Escapist EditorialsEpic Mickey: Warren Spector's Epic GambleEscapist Editorials - RSS 2.0
What Spector is saying is that the more real your game world looks, the more realistically players will expect it to behave. Put in a realistic building with a realistic door and player will expect that door to open, whether or not you've written what goes inside the building. To create a true "open world" then, you'll have to make every door open to a realistic interior - and make every object interactive.
To paraphrase the analogy Spector used in his presentation on this topic at GDC 2007, imagine if you want to give the player the ability to start a fight in a bar, and you want for every item in that bar to be interactive. You've now created a scenario in which you not only have to write code for every person with whom its possible for the player's character to interact, but for every person that person could bump into as they get punched and fall down, every chair that every person may be sitting in, every table at which they may be sitting, every glass on every table and every drop of water in those glasses. That's not to mention every shard of glass each glass could shatter into, every bottle on every shelf, every bullet in every gun and every key on every piano. The list is almost infinite.
"We may ... have missed our opportunity to play with story-friendly AI and procedural story generation," writes Spector. "That moment may have come and gone back in the day of lower-fidelity world sims. Now that we're in a world of high-fidelity worlds, all of our energy is likely to be sucked up just maintaining the levels of AI we already have! The cause of non-navigational/non-combat AI will take a backseat again."
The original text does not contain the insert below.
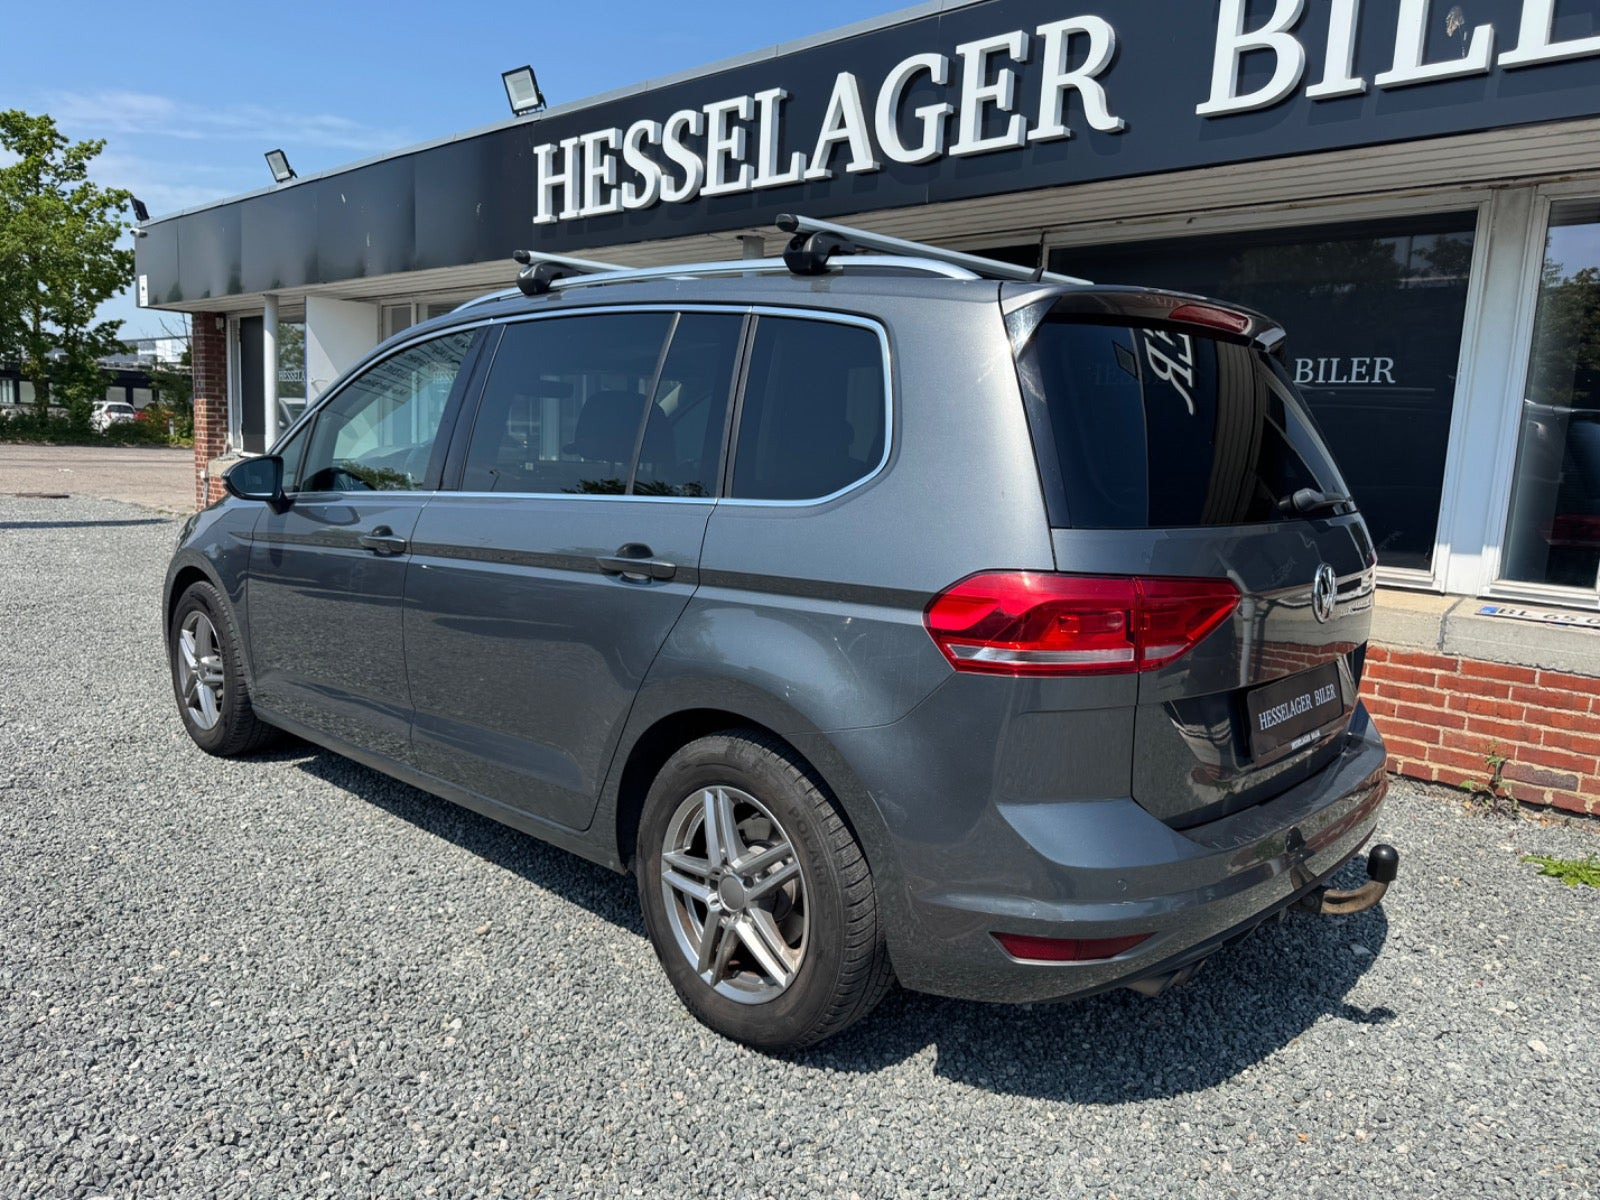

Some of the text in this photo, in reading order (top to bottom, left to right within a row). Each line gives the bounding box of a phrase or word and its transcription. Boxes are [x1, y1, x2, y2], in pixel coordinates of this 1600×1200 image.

[533, 15, 1125, 224] HESSELAGER
[1292, 356, 1396, 384] BILER
[1258, 683, 1337, 731] HESSELAGER BILER
Attempting to create a world in which the player could potentially solve every problem in as many ways as he can possibly imagine creates similar problems. Additionally, it could lead to an experience that's not actually any fun - a game that no one will want to play.
Too much choice is a scary thing, capable of paralyzing people. (As I learned to my chagrin on Deus Ex!) Story can help push players toward choices that are well-supported by our game systems and away from choices we don't support. Story can help identify strategies that are likely to succeed.
Since we don't simulate all possibilities in even the most open-ended game, and since you don't interact with our game-worlds the way you do with the real world, we're constantly struggling with issues of player training and player direction.
The Importance of "No"
One of the quest challenges that I faced in my brief preview demo of Epic Mickey was to retrieve a certain item from a member of a pirate crew. He offered to give it to Mickey, but only if Mickey would help him with his problem, naturally. His problem: He needed to impress a girl.
In order to help this pirate, Mickey had to find out what the girl, a black-and-white cow, wanted most and then find that thing - whatever it was - and give it to the pirate so that the pirate could give it to the girl. In RPG game terms, it's a fetch quest, but with a twist. In talking to the girl, Mickey discovers she's both lactose intolerant and likes flowers. Of the few things Mickey can acquire at this point in time, one of them is a flower, the other an ice cream cone.
Mickey can give either the flower or the ice cream to the pirate and the pirate will then offer that object to the girl, fulfilling Mickey's obligation, but one, obviously, will not be a suitable gift. The flower is harder to come by, taking more time and resources to fetch. The ice cream can be purchased from a merchant a few steps away. If you give the pirate the flower, he will win the girl's heart and the storyline form that point forward will reflect this. If you give the pirate the ice cream cone, he will discover to his chagrin the cow's peculiar intolerance. He will not get the girl, and as a consequence will not grant Mickey access to a special item hidden in a chest and the story will be similarly impacted.